• [Dataset entries]:
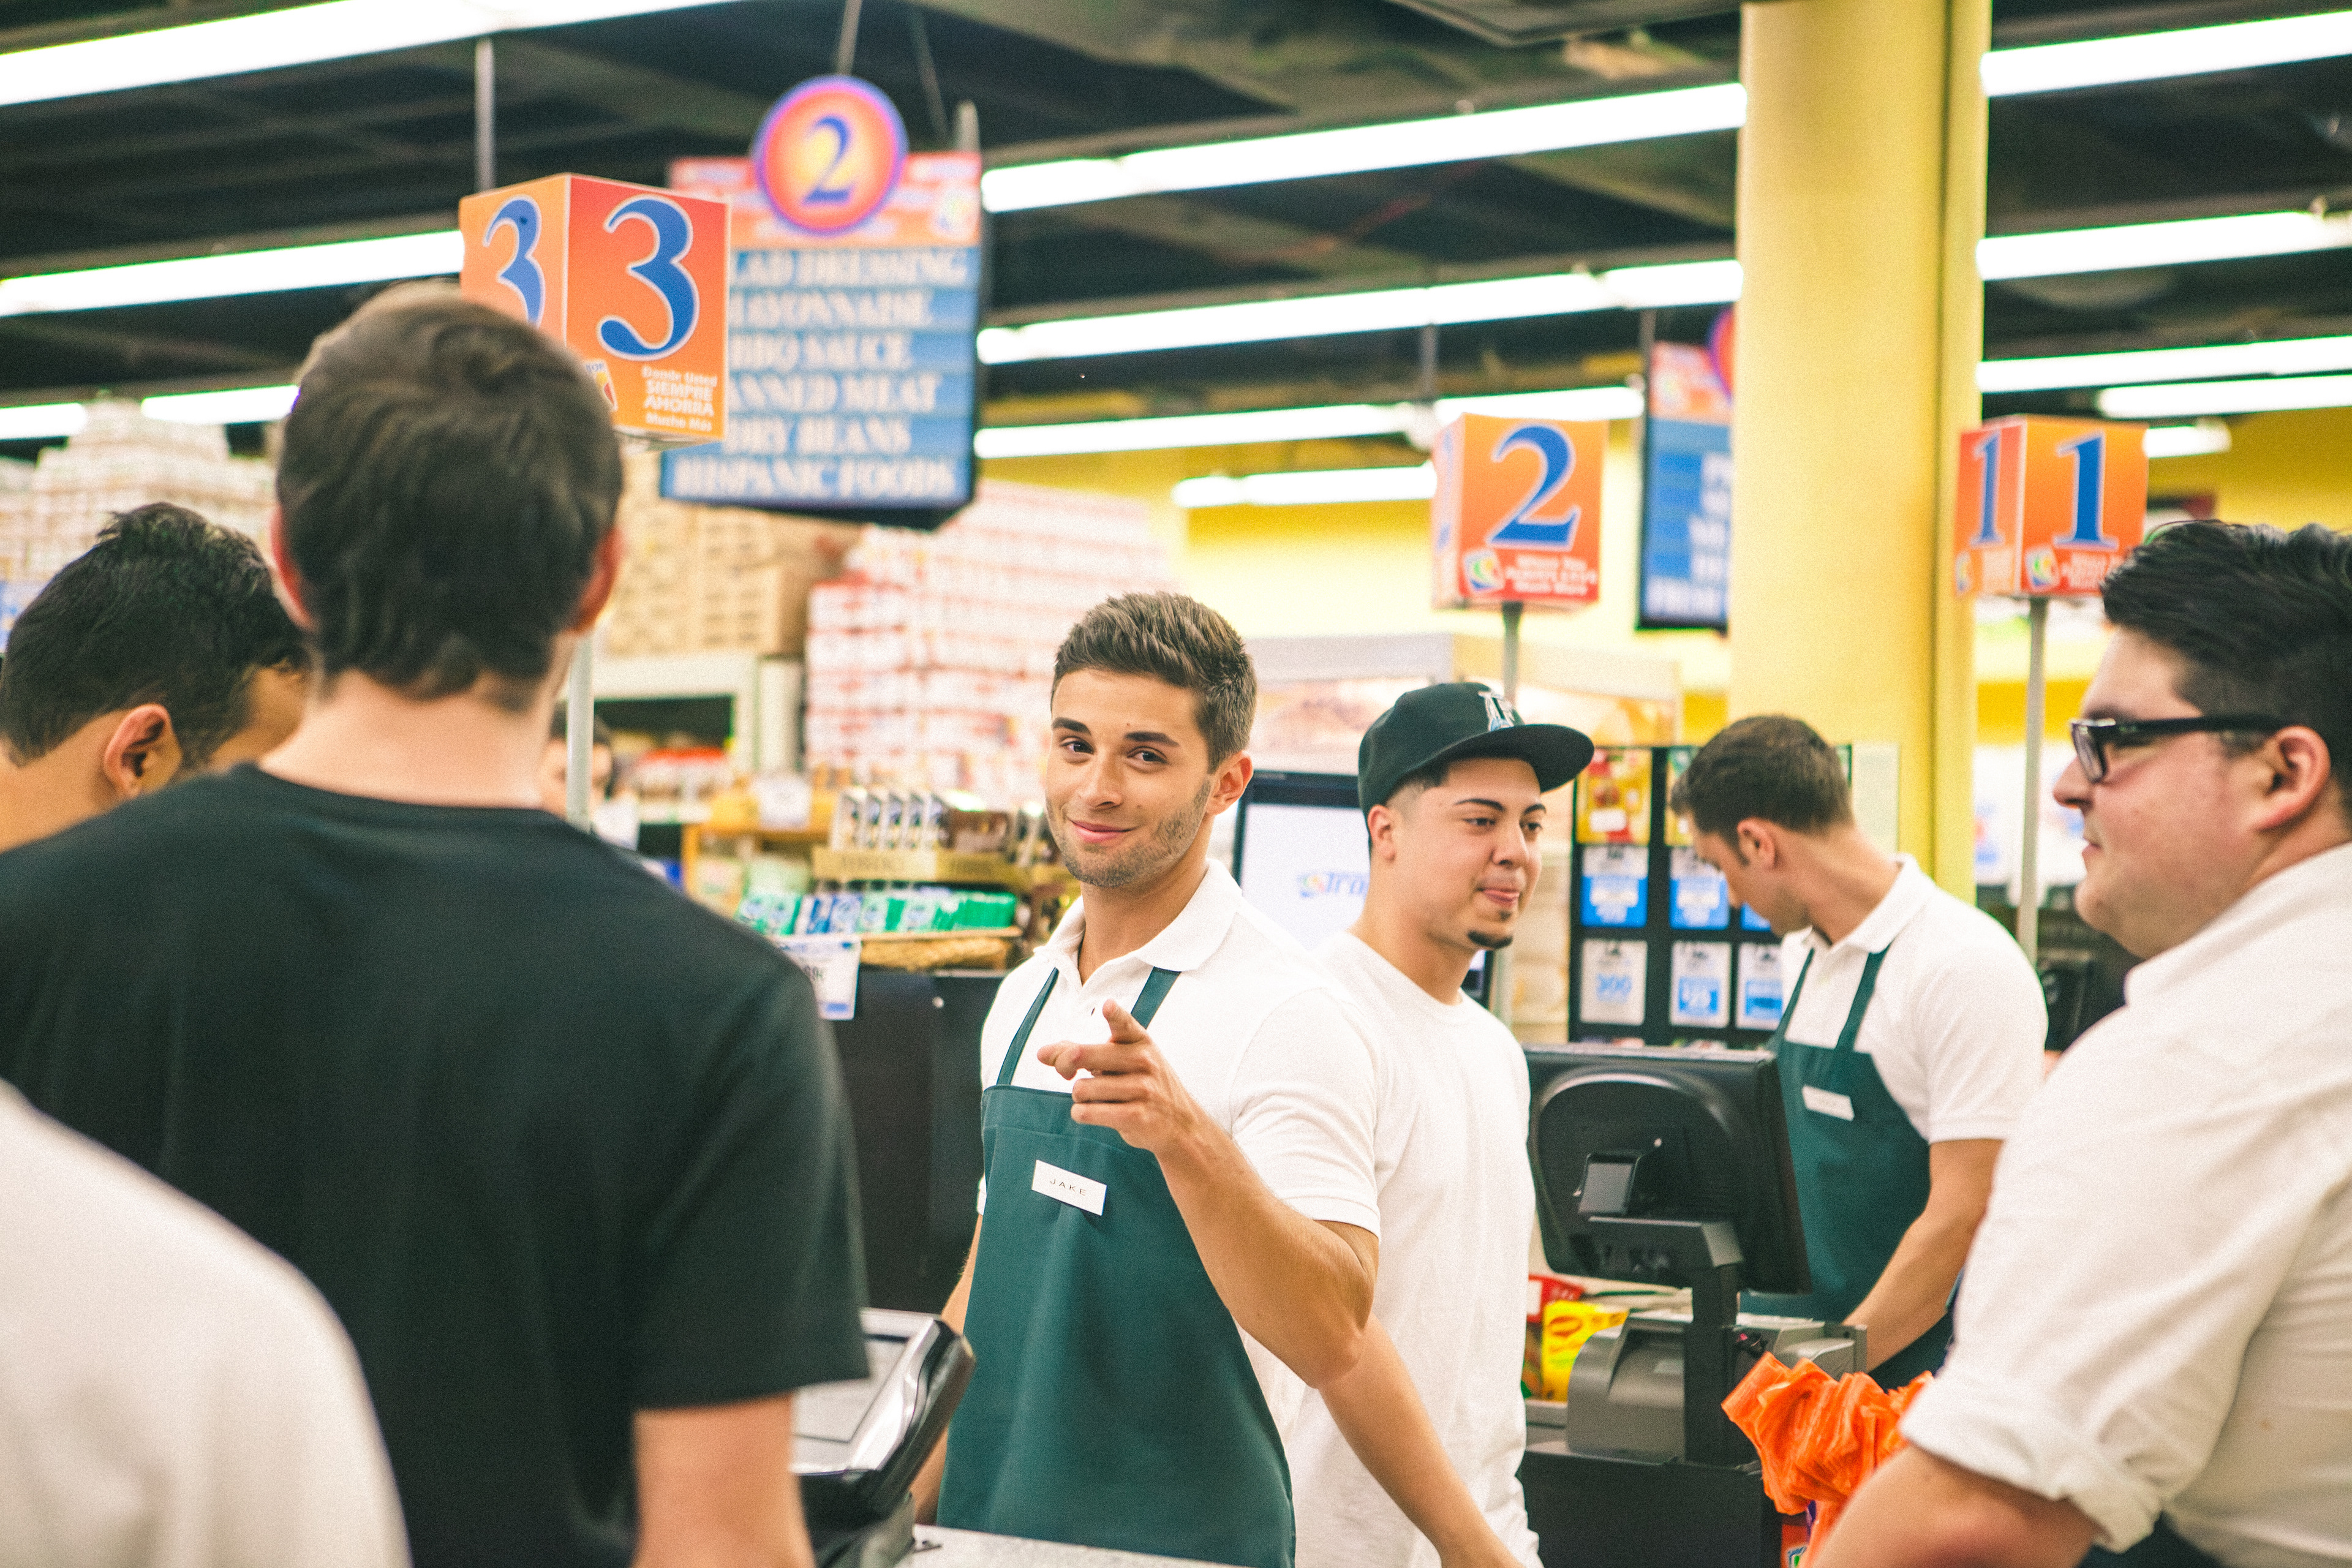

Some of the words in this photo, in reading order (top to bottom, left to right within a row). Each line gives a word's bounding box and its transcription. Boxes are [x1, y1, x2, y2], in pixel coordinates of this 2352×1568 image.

[799, 115, 853, 206] 2
[595, 193, 700, 362] 3
[644, 394, 714, 417] AHORRA
[646, 379, 714, 402] SIEMPRE
[673, 456, 838, 497] HISPANIC
[840, 457, 957, 497] FOODS
[1490, 420, 1582, 551] 2
[1969, 428, 2005, 548] 1
[2052, 428, 2119, 549] 1
[1050, 1178, 1087, 1197] JAKE

• [THE TASK]:
A word-for-word copy of every entry, with the pictures left out, is the required answer.

• [RESULT OF THIS EXERCISE]:
Some of the words in this photo, in reading order (top to bottom, left to right within a row). Each line gives a word's bounding box and its transcription. Boxes are [x1, y1, x2, y2], in pixel coordinates of this 2352×1568 image.

[799, 115, 853, 206] 2
[595, 193, 700, 362] 3
[644, 394, 714, 417] AHORRA
[646, 379, 714, 402] SIEMPRE
[673, 456, 838, 497] HISPANIC
[840, 457, 957, 497] FOODS
[1490, 420, 1582, 551] 2
[1969, 428, 2005, 548] 1
[2052, 428, 2119, 549] 1
[1050, 1178, 1087, 1197] JAKE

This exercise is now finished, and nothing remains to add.